While no data is available for Saskatchewan’s 2019-20 year, it, too, ended 2020-21 three percentage points higher than it had been just three years prior. 

British Columbia has for years far exceeded the national average for long-term care and finished 2020-21 at 26 per cent. Of the 275 clinics in B.C. for which CIHI has data, 90 of them were providing antipsychotics without proper diagnosis to 30 per cent or more of their patients. Nearly 20 in that group were at a rate over 40 per cent, with the two highest above 60 per cent. 

“When we chose to focus on this, we drove the numbers down,” Mackenzie said. “But our focus — our singular focus on that — shifted.”

“I don’t think anybody means to cause harm’

There is a long list of behaviours for which a long-term care resident could be prescribed an antipsychotic medication off-label, including for wandering, shouting, hoarding or even difficulty sleeping, according to Healthcare Excellence Canada (HEC), a non-profit primarily funded by Health Canada.

However, HEC, which spearheaded initiatives aimed at reducing antipsychotic use in a number of provinces, holds that sedation only masks the issue.

“The symptoms may appear to respond if the [antipsychotic] sedates the patient, but will return when tolerance to the sedation is reached,” reads a handout they developed for educating medical professionals. 

“I don’t think anybody means to cause harm,” Sinha said, speaking about medical professionals who find themselves considering prescribing antipsychotics off-label.

“But we have to appreciate that if this was your parent, is this actually what you would be doing, especially when this solution could cause harm?”

The extra time and effort it can take to manage an individual in long-term care with difficult behaviours highlights an issue for the sector that has been growing for decades: changing demographics. The number of people in Canada over age 85 has doubled since 2001, according to Statistics Canada, and older people often have more complex medical needs.

Twenty years ago, staff would be dealing with residents who had some frailties and needed a small amount of assistance, Daly said. “Now, the needs are so great for every single person and we haven’t adjusted our staffing to reflect those complexities.”

One general manager of a long-term care facility in New Brunswick told CBC News that when his facility opened 36 years ago, “residents [were] coming to the nursing home with a car.
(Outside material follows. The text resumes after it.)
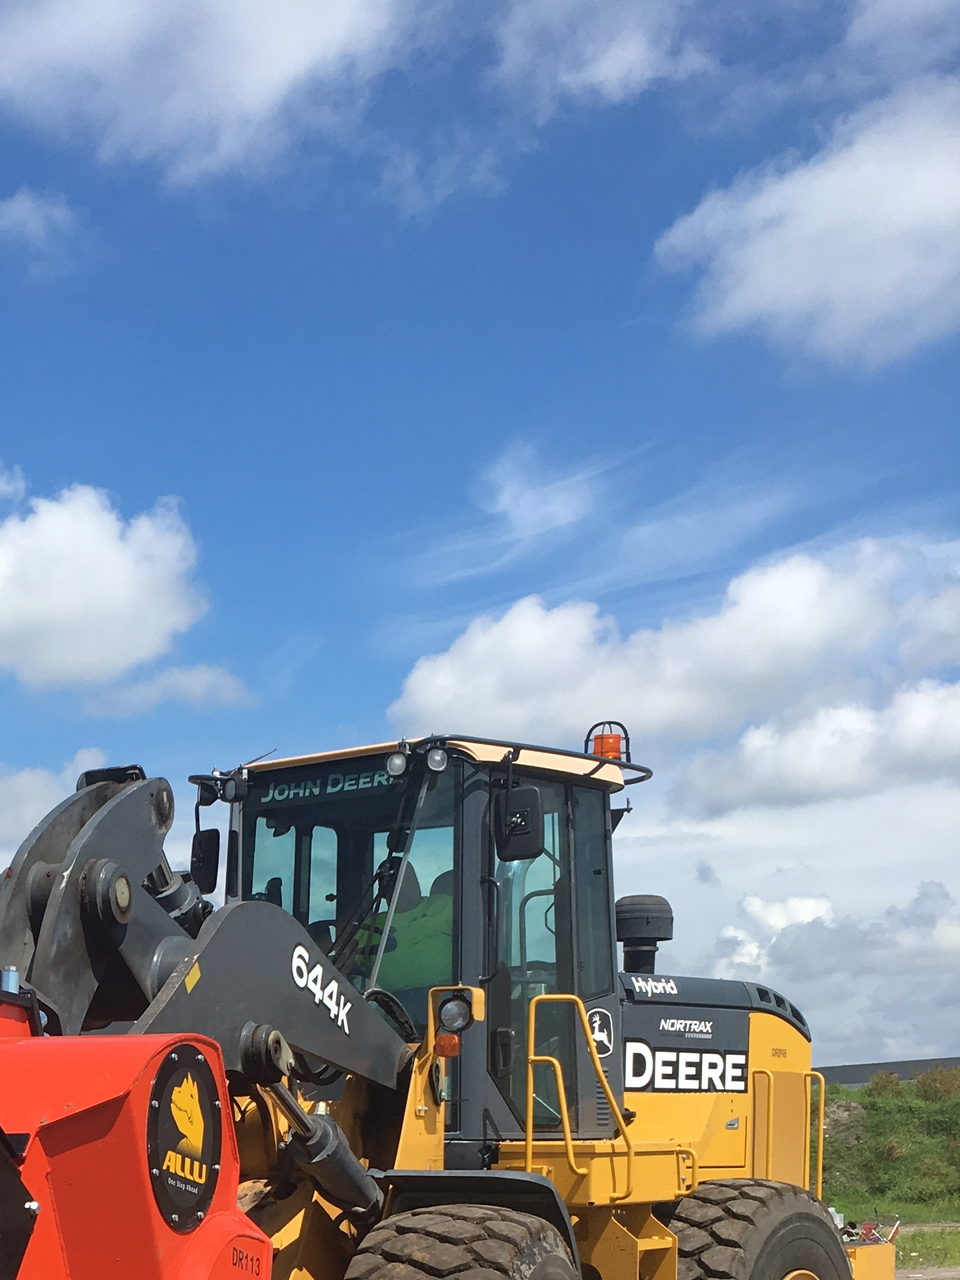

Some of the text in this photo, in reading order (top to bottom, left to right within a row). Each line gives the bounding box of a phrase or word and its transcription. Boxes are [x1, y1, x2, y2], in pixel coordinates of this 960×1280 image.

And, you know, now they arrive in [an] ambulance.”

WATCH | Why are seniors being over-prescribed?

Seniors being over prescribed

Health-care workers, patient groups and governments are striving to cut inappropriate prescriptions for seniors by 50 per cent by 2020

Government has pledged billions for long-term care

In the fall of 2020, the Liberal government pledged to work with provinces and territories to create national standards of care for long-term care and to provide extra supports.

In a statement to CBC News, Health Canada highlighted a $1-billion transfer the federal government made to provinces and territories at that time to “protect people living and working in long-term care.” They also pointed to an additional $3 billion, slated to be made available over the next five years, meant “to ensure standards for long-term care are applied and permanent changes are made.”

But the section of the 2021 budget that provides details about the proposed funding makes no mention of antipsychotics or over-prescribing. 

When Laura Pinto moved her father into a long-term care home in Windsor, Ont., she says he deteriorated from someone who had dementia and memory issues into a ‘zombie.’ She says he was prescribed a cocktail that included antipsychotics. (Jacob Barker/CBC)

Shortly before he died in 2019, Robert Pinto, who lived in a long-term care facility in Windsor, was sent to hospital with a respiratory infection. Once his antipsychotic medication was cut back there, “he was very different,” said his daughter, Laura.

He still had dementia, but his appetite returned, as did his ability to recall certain memories and to enjoy poetry.

“He was able to sing songs from his youth, that sort of thing,” she said. “All of that had disappeared when he was heavily sedated.

“You didn’t see that quality of life.”